Because every call object supports repeated execution you must close a call object when it is no longer needed, by either invoking the close
method or by nesting the call object in a try-with-resources construct.
The JDBC specification allows the use of a vendor-independent syntax to call stored procedures, in addition to whatever call syntax is supported by your JDBC driver vendor. See the Javadocs for CallableStatement for details. For the sake of simplicity, the examples shown below use the vendor independent syntax, but you could also use whatever syntax is supported by the JDBC vendor in your own code.
The following example calls a stored procedure named add_person
that has three parameters. The declaration in ANSI SQL might look something like this:
PROCEDURE add_person(IN name VARCHAR, IN age INTEGER, OUT id BIGINT) ...
We can call this procedure as follows:
try (JdbcCall call = jdbc.call("{ call add_person(?, ?, ?) }")) {
call.execute(
Parameter.in("Megan Marshall"),
Parameter.in(29),
Parameter.out(Types.BIGINT));
long id = call.getOutParameter(3, long.class);
System.out.format("created person (id=%d)\n", id);
}
As shown in the example, we can easily retrieve the values of OUT or INOUT parameters using the getOutParameter
method. In this example, we specify the parameter by position. Some JDBC drivers allow the parameters to be retrieved by name -- the getOutParameter
method has an overload that takes a parameter name as a string for this purpose.

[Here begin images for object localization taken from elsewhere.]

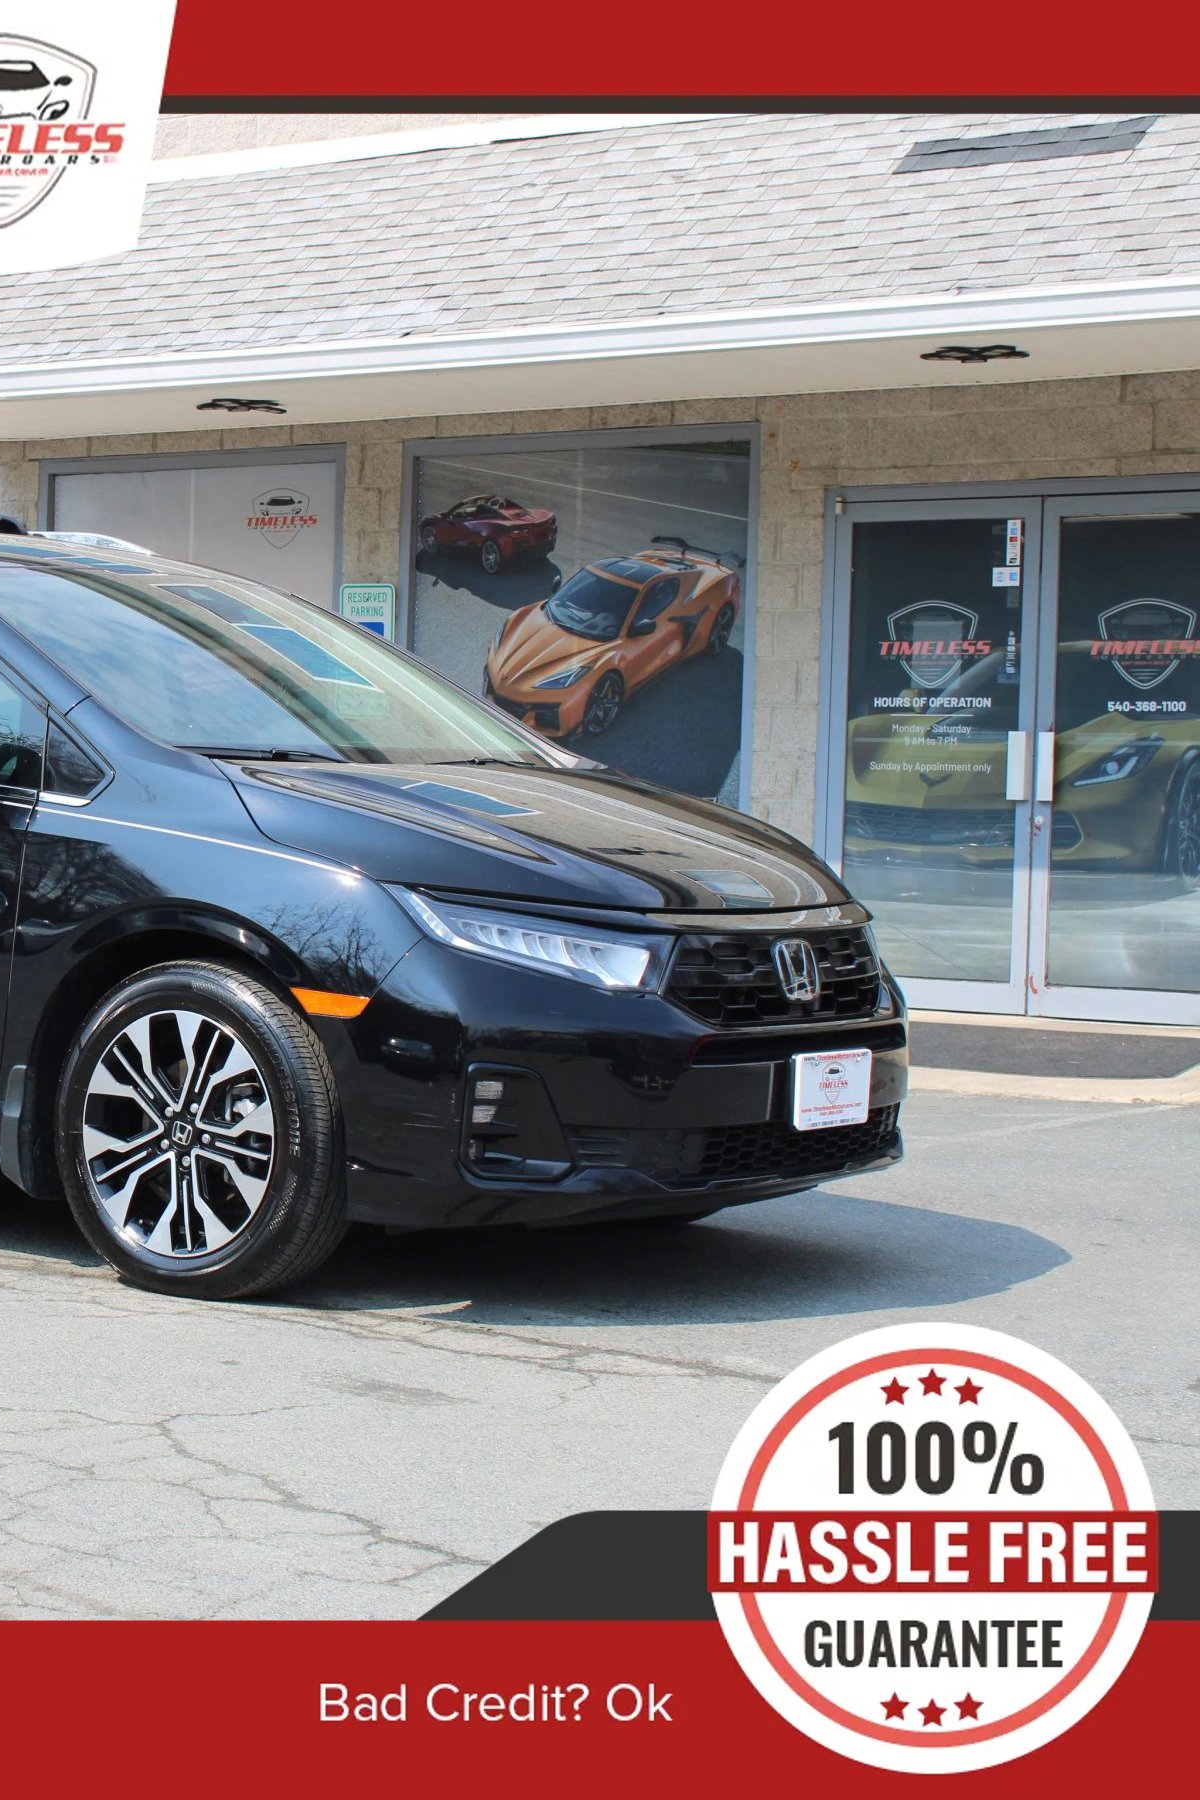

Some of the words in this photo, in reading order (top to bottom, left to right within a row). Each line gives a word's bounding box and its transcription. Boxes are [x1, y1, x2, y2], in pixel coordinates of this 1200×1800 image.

[247, 515, 318, 527] TIMELESS
[347, 592, 388, 603] RESERVED
[350, 606, 384, 617] PARKING
[878, 640, 993, 656] TIMELESS
[873, 697, 911, 708] HOURS
[912, 697, 927, 708] OF
[928, 697, 992, 708] OPERATION
[1107, 701, 1187, 712] 540-368-1100
[891, 724, 927, 735] Monday
[932, 724, 972, 736] Saturday
[911, 737, 925, 746] AM
[926, 738, 936, 746] to
[937, 737, 943, 746] 7
[944, 737, 958, 746] PM
[869, 761, 901, 772] Sunday
[902, 761, 914, 773] by
[914, 762, 971, 773] Appointment
[972, 763, 992, 774] only
[819, 1080, 849, 1090] TIMELESS

Some JDBC drivers return open cursors as ResultSet
objects. In ANSI SQL, a procedure that returns a cursor as a result set might be written like this:
CREATE PROCEDURE find_persons_by_name(IN p_name VARCHAR(50))
READS SQL DATA
DYNAMIC RESULT SETS 1
BEGIN ATOMIC
DECLARE result CURSOR WITH RETURN FOR
SELECT * FROM person WHERE name LIKE p_name FOR READ ONLY;
OPEN result;
END
Invoking the find_persons_by_name
procedure can be done using the call
method as follows:
try (JdbcCall call = jdbc.call("{ call find_persons_by_name(?) }")) {
boolean isResultSet = call.execute(Parameter.in("%Nadine%"));
if (isResultSet || call.getMoreResults()) {
List<String> names = call.retrieveList("name", String.class);
System.out.format("matching names: %s\n", names);
}
else {
System.out.format("no names match");
}
}
The if statement inside of the try block warrants some explanation. Some JDBC drivers will automatically return the first result set and indicate that they have done so by returning true
from the execute
method. Others will return false
from execute
, but a subsequent call to getMoreResults
will return true
indicating that a result set is available. The example code should work correctly in either case.
Once we know that a result set is available, we have the same choices for handling it that we have when invoking a query:
- map the result set to objects using a
RowMapper
- extract a column value from each row (as shown here)
- handle the result set yourself using a
ResultSetHandler
See the Javadocs for more details on handling return values from stored procedures.